ASSIGNMENT
Your answer should hold exactly the lines from the one with "this 1920×1440 image." through the final line of the data below, reproduced as written.

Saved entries
================================
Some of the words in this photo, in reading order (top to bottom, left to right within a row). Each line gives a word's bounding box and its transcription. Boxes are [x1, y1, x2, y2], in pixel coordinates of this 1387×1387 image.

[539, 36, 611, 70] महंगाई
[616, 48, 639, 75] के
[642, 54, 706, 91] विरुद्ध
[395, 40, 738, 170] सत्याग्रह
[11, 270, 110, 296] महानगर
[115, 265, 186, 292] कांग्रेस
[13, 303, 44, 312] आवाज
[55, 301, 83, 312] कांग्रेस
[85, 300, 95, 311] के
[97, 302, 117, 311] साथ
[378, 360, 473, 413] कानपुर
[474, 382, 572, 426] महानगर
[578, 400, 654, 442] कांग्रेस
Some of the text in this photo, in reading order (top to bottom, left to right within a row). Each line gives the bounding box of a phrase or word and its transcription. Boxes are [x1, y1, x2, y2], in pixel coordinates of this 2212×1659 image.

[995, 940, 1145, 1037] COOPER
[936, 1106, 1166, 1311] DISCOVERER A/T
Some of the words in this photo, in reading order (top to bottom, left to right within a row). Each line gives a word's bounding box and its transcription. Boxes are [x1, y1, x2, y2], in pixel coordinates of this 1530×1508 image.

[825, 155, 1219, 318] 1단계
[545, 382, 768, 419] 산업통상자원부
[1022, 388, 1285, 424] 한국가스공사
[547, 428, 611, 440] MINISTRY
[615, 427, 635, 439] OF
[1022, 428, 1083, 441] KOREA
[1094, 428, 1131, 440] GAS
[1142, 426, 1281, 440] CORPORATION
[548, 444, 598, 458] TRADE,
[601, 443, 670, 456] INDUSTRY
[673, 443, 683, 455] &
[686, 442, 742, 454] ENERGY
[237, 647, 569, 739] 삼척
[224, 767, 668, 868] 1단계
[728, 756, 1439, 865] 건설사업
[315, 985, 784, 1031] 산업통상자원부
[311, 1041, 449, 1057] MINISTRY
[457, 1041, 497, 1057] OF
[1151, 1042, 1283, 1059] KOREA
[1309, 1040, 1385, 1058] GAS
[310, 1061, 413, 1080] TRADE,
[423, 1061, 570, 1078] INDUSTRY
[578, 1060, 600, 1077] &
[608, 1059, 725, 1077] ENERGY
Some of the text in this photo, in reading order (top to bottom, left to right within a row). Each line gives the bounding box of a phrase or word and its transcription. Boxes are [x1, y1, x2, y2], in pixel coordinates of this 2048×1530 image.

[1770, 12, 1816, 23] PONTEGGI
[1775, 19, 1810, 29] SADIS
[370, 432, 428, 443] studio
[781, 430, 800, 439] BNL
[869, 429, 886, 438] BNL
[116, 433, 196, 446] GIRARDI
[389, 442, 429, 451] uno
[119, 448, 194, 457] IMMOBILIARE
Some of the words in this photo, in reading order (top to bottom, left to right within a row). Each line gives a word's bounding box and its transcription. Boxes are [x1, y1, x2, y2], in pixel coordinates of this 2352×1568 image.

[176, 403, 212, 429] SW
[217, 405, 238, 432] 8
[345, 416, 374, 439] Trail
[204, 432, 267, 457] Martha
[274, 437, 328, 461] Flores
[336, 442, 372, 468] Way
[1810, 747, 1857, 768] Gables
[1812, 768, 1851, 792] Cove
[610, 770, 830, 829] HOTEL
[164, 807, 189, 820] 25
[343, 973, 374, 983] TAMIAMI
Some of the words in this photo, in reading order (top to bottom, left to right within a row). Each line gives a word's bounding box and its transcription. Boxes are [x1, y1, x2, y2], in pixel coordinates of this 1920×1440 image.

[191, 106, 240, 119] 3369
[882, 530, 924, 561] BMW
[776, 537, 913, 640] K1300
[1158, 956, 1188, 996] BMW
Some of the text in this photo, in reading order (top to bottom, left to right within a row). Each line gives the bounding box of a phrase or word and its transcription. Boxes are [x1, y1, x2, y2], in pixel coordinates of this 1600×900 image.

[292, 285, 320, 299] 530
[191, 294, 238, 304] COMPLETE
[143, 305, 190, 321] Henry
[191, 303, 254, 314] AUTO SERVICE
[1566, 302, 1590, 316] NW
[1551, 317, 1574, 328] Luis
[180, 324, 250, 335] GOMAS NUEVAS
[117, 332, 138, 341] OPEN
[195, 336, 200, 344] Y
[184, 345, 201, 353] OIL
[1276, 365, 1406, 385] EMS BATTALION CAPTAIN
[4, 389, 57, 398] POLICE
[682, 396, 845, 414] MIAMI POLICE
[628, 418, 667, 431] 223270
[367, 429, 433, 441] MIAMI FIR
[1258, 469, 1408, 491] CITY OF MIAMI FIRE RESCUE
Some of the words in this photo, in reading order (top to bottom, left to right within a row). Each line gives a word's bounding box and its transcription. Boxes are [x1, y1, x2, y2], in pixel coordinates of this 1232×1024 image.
================================
SOLVED EXERCISE
Some of the words in this photo, in reading order (top to bottom, left to right within a row). Each line gives a word's bounding box and its transcription. Boxes are [x1, y1, x2, y2], in pixel coordinates of this 1920×1440 image.

[191, 106, 240, 119] 3369
[882, 530, 924, 561] BMW
[776, 537, 913, 640] K1300
[1158, 956, 1188, 996] BMW
Some of the text in this photo, in reading order (top to bottom, left to right within a row). Each line gives the bounding box of a phrase or word and its transcription. Boxes are [x1, y1, x2, y2], in pixel coordinates of this 1600×900 image.

[292, 285, 320, 299] 530
[191, 294, 238, 304] COMPLETE
[143, 305, 190, 321] Henry
[191, 303, 254, 314] AUTO SERVICE
[1566, 302, 1590, 316] NW
[1551, 317, 1574, 328] Luis
[180, 324, 250, 335] GOMAS NUEVAS
[117, 332, 138, 341] OPEN
[195, 336, 200, 344] Y
[184, 345, 201, 353] OIL
[1276, 365, 1406, 385] EMS BATTALION CAPTAIN
[4, 389, 57, 398] POLICE
[682, 396, 845, 414] MIAMI POLICE
[628, 418, 667, 431] 223270
[367, 429, 433, 441] MIAMI FIR
[1258, 469, 1408, 491] CITY OF MIAMI FIRE RESCUE
Some of the words in this photo, in reading order (top to bottom, left to right within a row). Each line gives a word's bounding box and its transcription. Boxes are [x1, y1, x2, y2], in pixel coordinates of this 1232×1024 image.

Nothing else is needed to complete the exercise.